Мгновение и острый кинжал прижат к моему горлу. Плотно так. Даже сглатывать не стоит. Я уставилась в безумные глаза Оракула, пытаясь отыскать в них хоть какой‑то проблеск разума.
— Боишься меня?!
— Нет! — а действительно, что это я так спокойна? Вот сейчас прирежет меня как овечку и всё, отмучаюсь.
— Нет?! Я ощущаю, как бьётся твоё сердце! — воскликнула безумная, а кто ж еще?!
Фу — у-х, кинжал убрала. Я с некоторой обидой взирала на бормочущую Леанару. В подруги она мне набивалась… Ага, как же!
— Сильное сердце… Сердце… Сардос… — шептала Оракул, прикрыв глаза. — Что было в предсказании, которое я сказала тебе на церемонии?! Ну, говори!
— А вы сами разве не помните?! — изумилась я.
— Нет! Оракул всегда пребывает в трансе во время ритуала! — поспешила пояснить уже как будто успокоившаяся Леанара. — Вспомни, это важно!
— Да ничего такого! Что‑то о сердце моем, и, кажется, еще, что я должна родить… не помню точно, вечность… — напряженно припоминала я. — Вы тихо говорили, я не всё слышала.
— Вечных! Родить Вечных! — вскрикнула прорицательница. — Сардос, будь ты проклят!
Куда это она помчалась?! Не успела я удивиться, как услышала:
— Девочку запереть и не выпускать! Сегодня же завершить ритуал! Богини ради, отдайте её побыстрее замуж или Хозяину. Месяц даю, не больше!
М — да, вот и поговорили. Сардос хоть вина налил.
Эх, и маму не позвали, а я её с церемонии не видела. Волнуется, наверное! И кто такие эти Вечные!
— Лю — ю-ю — ди! Вы хоть поесть дайте! — я подёргала за ручку двери. Заперто. Быстро исполнили приказ, однако. Ладно, посплю пока.
Глава 5. О том, что от судьбы не убежишь. Даже если очень хочется
— Кьяра, доченька, просыпайся! Пора! — ласковый мамин голос привычно разбудил меня поутру. — Нужно торопиться! Все уже собрались!
— Кто собрались, ма? — промычала я в подушку. — Зайцы, косули да дикие кабаны?
Сон не отпускал меня из своих нежных, но цепких объятий.
— Какие ещё кабаны?! Тебя отец ждет! — возмутилась мать, тормоша меня за плечо. — Злой! Недовольный! Довела ты его своей выходкой!
Я резко села на постели. Неприятные воспоминания хлынули потоком. Ритуал. Отказ. Обитель Сардоса. Оракул… Оракул!!!
— Мама, прорицательница уехала? — встревожилась я.

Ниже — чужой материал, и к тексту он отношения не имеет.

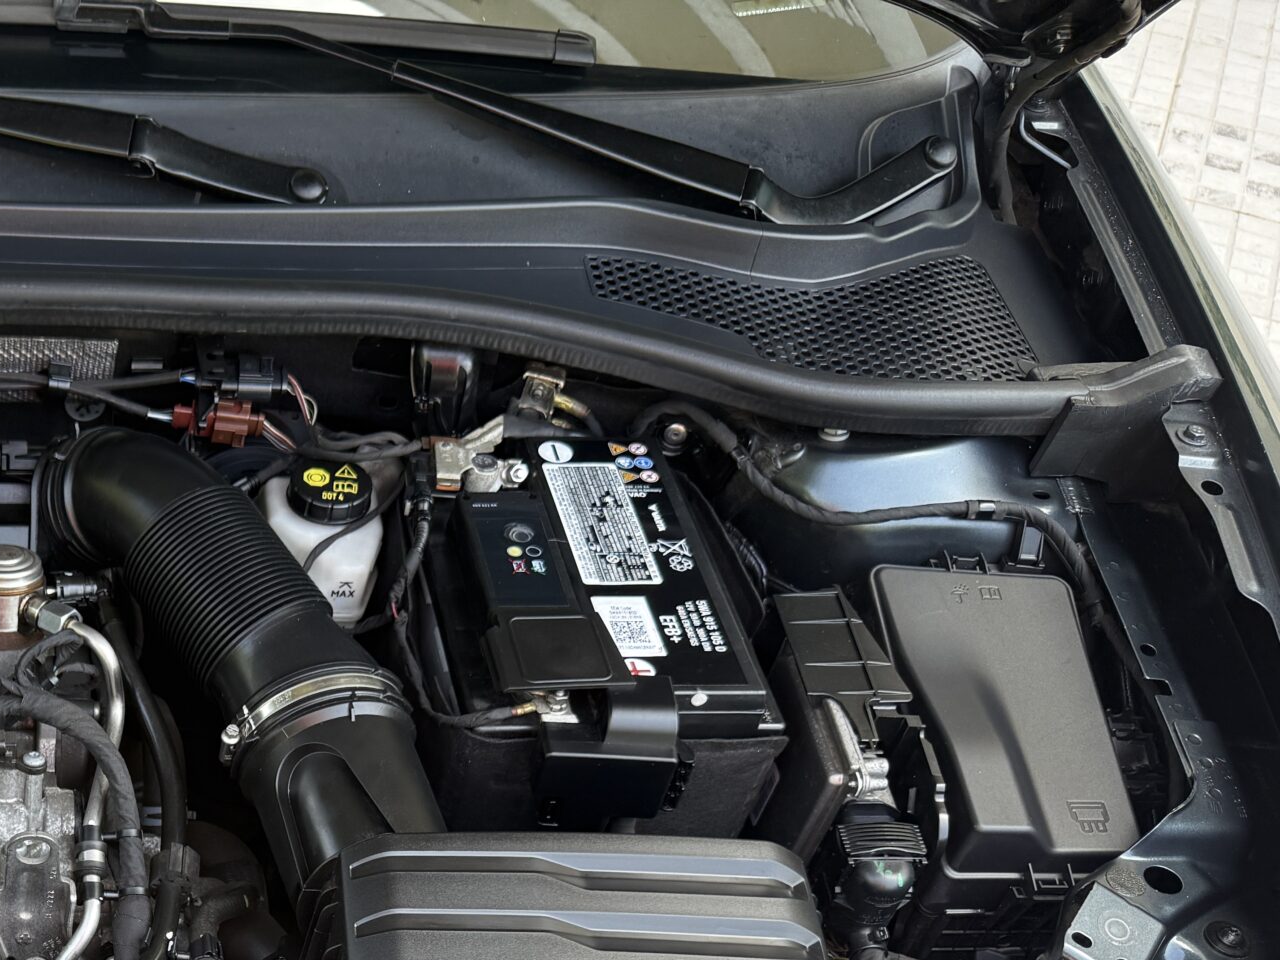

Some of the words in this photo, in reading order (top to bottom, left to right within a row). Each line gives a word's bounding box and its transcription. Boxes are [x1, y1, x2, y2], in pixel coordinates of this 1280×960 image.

Может староста ещё не знает о наказе? Хотя, вряд ли. Скорее всего, он уже в курсе.
— Уехала, доча, — кивнула мама. — А отец просто в бешенстве. Доставила ты ему хлопот! — она погладила меня по голове. — Мы так за тебя переживали!
— Мы?! Мамуль, не преувеличивай! А ярость — это для него естественное состояние! — я спешно натягивала принесенную матерью одежду. Платье? Белое? Да еще и с рюшами, с воланами! Это кто же меня так ненавидит?
— Ты не права, Кьяра. Ты — его дочь! И он любит тебя, — Сарина спешно скручивала мои волосы в пучок на затылке. — Даже если тебе этого и не показывает. Любит. Поверь мне.
Поплескав водой из кувшина на лицо, я повернулась к матери:
— Всё! Готова! Надо с этим всем скорее покончить! Ни минуты не хочу оставаться в его доме!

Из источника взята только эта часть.